The best way to prepare for this is to make sure you work on the backboarding skills, you may need to put OPA in, NSAs are out, check your suction & O2 equipment.


----------



## Mercy4Angels (Feb 22, 2007)

99.99% of the time around here the medics are already there, fire is on scene and police are there first. We are volunteer so BLS is there last. by the time we get there the patients are out of the wreck and medics are working on them. once in a while we get there b4 medics but thats rare since medics are paid and always available.


----------



## firecoins (Feb 22, 2007)

Mercy4Angels said:


> 99.99% of the time around here the medics are already there, fire is on scene and police are there first. We are volunteer so BLS is there last. by the time we get there the patients are out of the wreck and medics are working on them. once in a while we get there b4 medics but thats rare since medics are paid and always available.
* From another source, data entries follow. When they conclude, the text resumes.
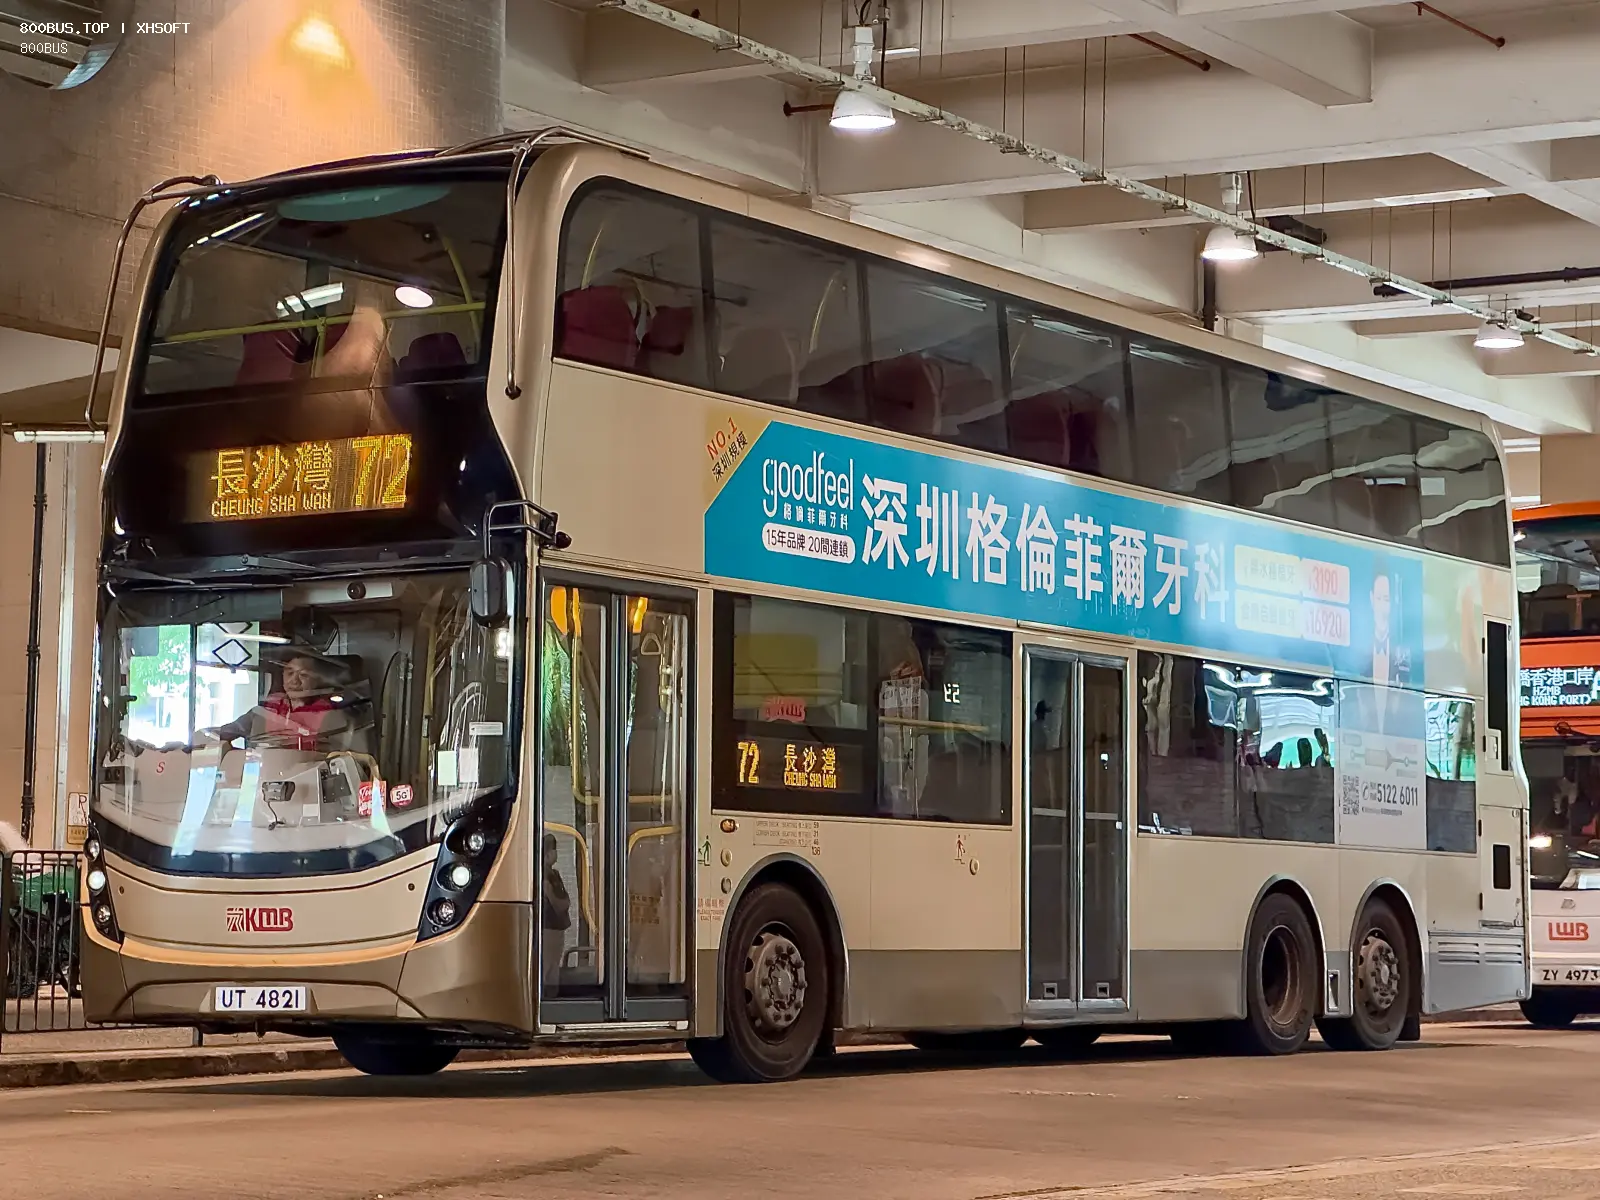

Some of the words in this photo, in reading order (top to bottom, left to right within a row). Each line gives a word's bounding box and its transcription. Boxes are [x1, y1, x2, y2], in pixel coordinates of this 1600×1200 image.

[706, 417, 738, 460] NO.1
[211, 441, 333, 498] 長沙灣
[711, 431, 748, 482] 深圳規模
[352, 435, 412, 506] 72
[763, 450, 854, 517] goodfeel
[211, 498, 263, 517] CHEUNG
[269, 494, 297, 513] SHA
[303, 491, 332, 510] WAN
[783, 502, 849, 530] 格倫菲爾牙科
[766, 529, 806, 551] 15年品牌
[808, 535, 849, 558] 20間連鎖
[860, 473, 1226, 623] 深圳格倫菲爾牙科
[1531, 695, 1557, 706] KONG
[1533, 686, 1561, 696] HZMB
[738, 742, 759, 783] 72
[784, 744, 836, 774] 長沙灣
[784, 771, 808, 786] CHEUNG
[809, 773, 822, 788] SHA
[395, 790, 408, 801] 5G
[1377, 783, 1397, 805] 5122
[1399, 786, 1418, 806] 6011
[245, 907, 294, 932] KMB
[1548, 922, 1590, 941] LWB
[1542, 969, 1559, 981] ZY
[1565, 969, 1599, 981] 4973
[221, 989, 247, 1009] UT
[256, 989, 299, 1009] 4821
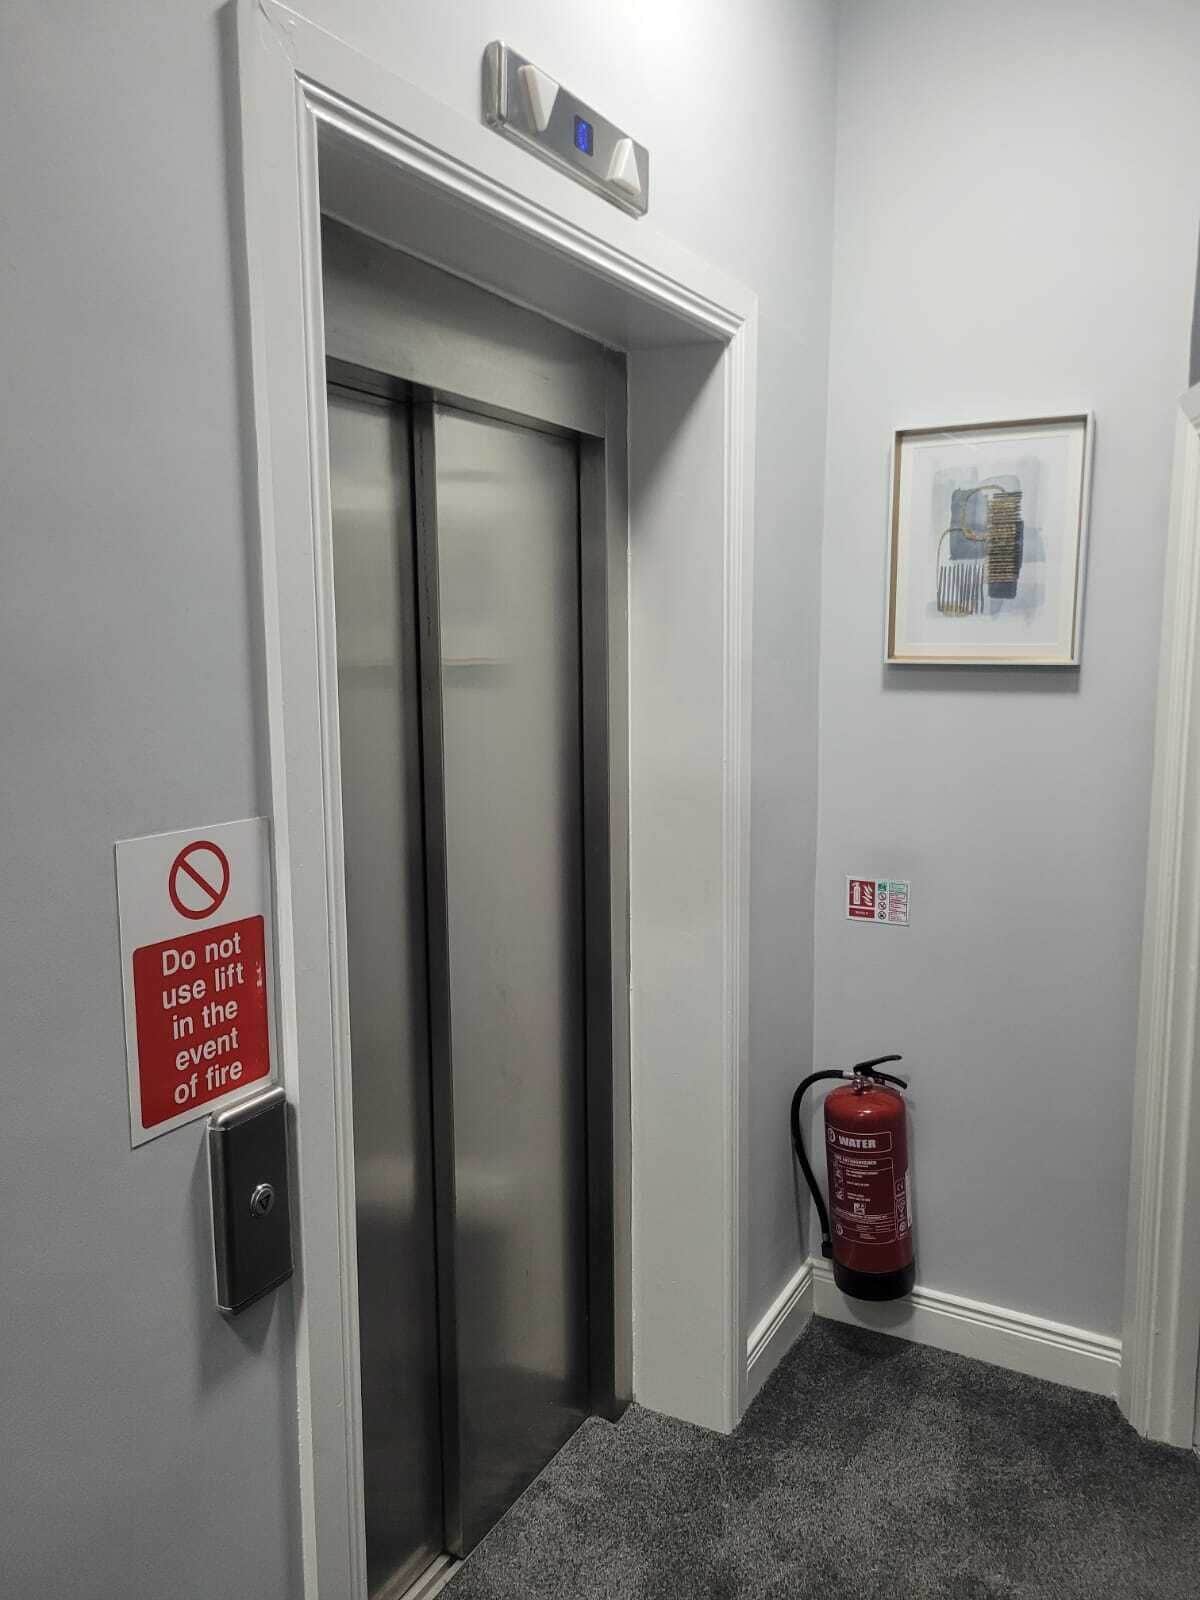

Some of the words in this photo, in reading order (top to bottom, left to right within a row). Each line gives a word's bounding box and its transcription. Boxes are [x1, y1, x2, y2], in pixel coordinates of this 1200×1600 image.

[162, 949, 196, 977] Do
[205, 931, 242, 962] not
[162, 979, 206, 1009] use
[215, 962, 244, 991] lift
[172, 1014, 194, 1040] in
[201, 999, 239, 1029] the
[175, 1027, 239, 1071] event
[173, 1073, 198, 1104] of
[205, 1059, 243, 1091] fire
[838, 1135, 876, 1149] WATER
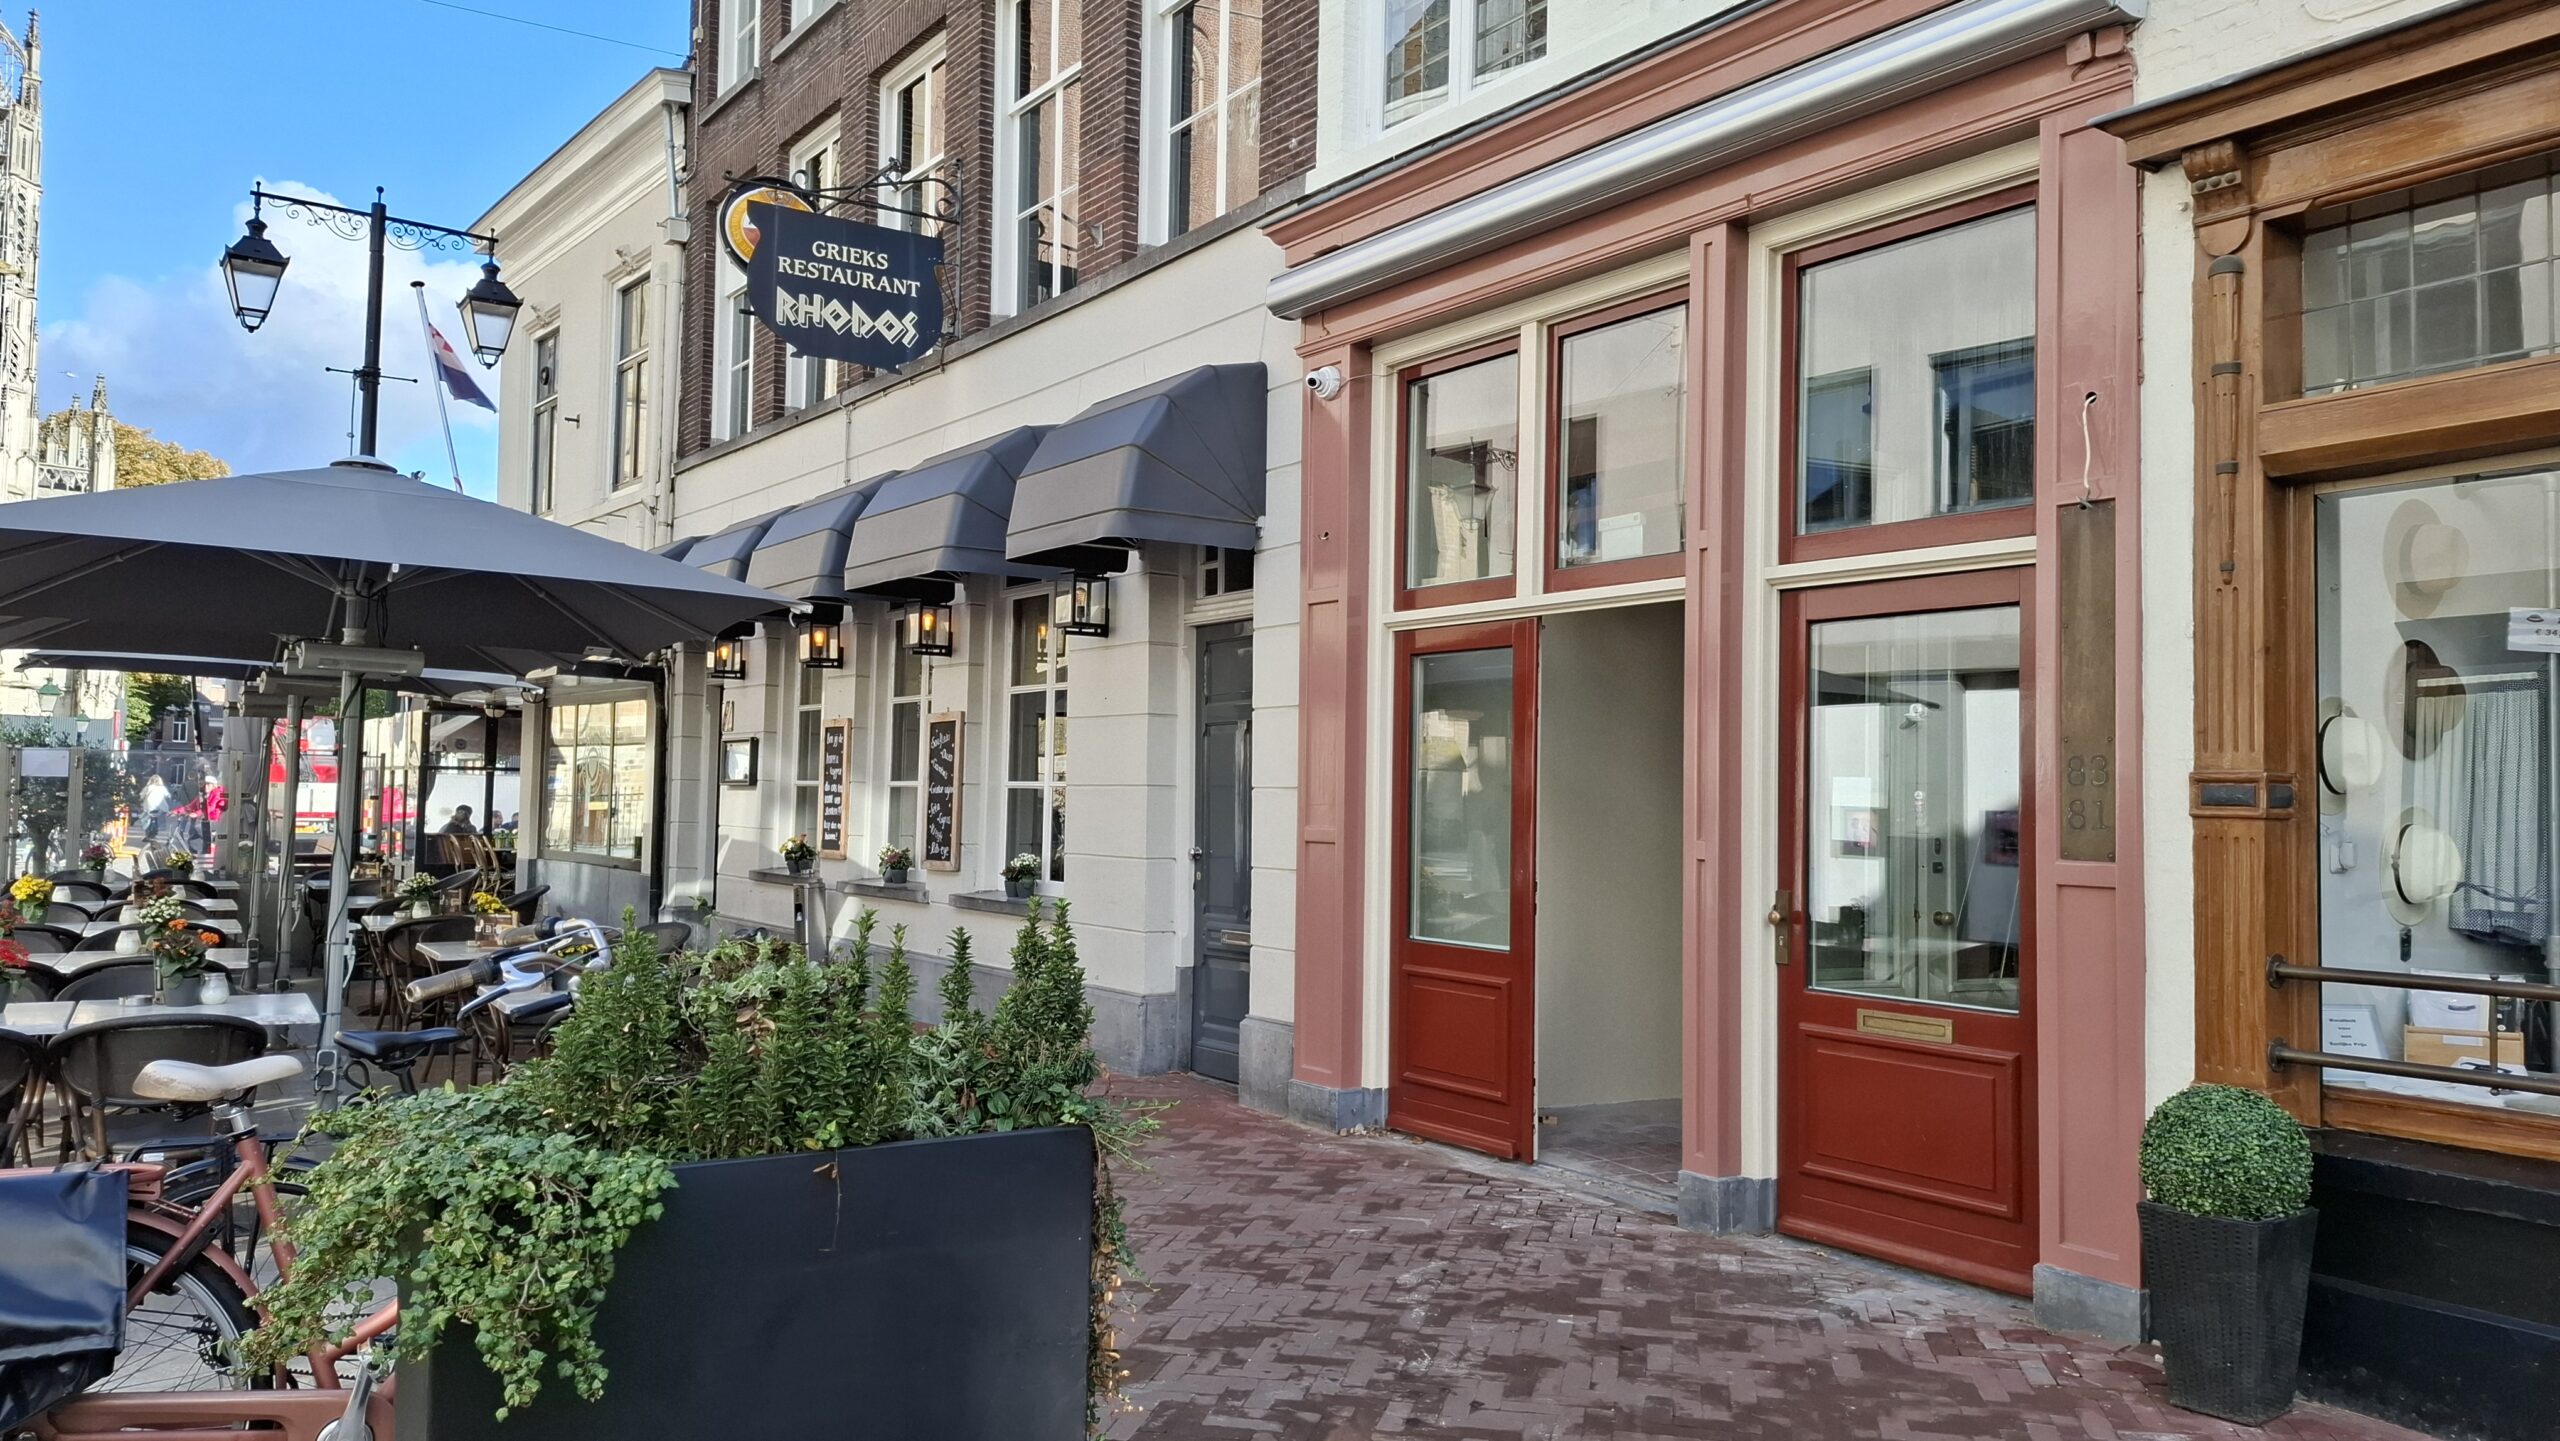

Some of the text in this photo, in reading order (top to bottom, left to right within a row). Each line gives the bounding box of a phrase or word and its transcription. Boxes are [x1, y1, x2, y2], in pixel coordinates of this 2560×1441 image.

[812, 240, 888, 270] GRIEKS
[777, 256, 921, 298] RESTAURANT
[776, 286, 919, 348] RHODOS
[2068, 755, 2109, 787] 83
[2068, 799, 2111, 831] 81
its the same in my system but you should never be medic dependant.  Airways, Breathing and Circulation.  Any ejection, your getting severe head injuries and spinal injuries.  Automatically your going to have this guy backboarded on high O2, possibly an OPA with suction ready. Youll be bagging if he isn't breathing with major bleeding bandaged. In the rig, you will expose for further injuries looking for internal bleeding and chest trauma.


----------



## premedtim (Feb 23, 2007)

Last class my instructors commented on a passenger vs. train call they had a couple years ago where this genius decided it'd be a good idea to go 100+ mph down the road, go past the guard rails (which were down since a train was coming obviously) and apparently saw the train at the last second, tried to turn, there was some gravel on the road and he dropped the bike & kept skidding and came to stop on the tracks....both legs severed, one foot was completely degloved so the skin from it was about six feet from the foot it was originally on, and yeah there were just pieces of him everywhere. 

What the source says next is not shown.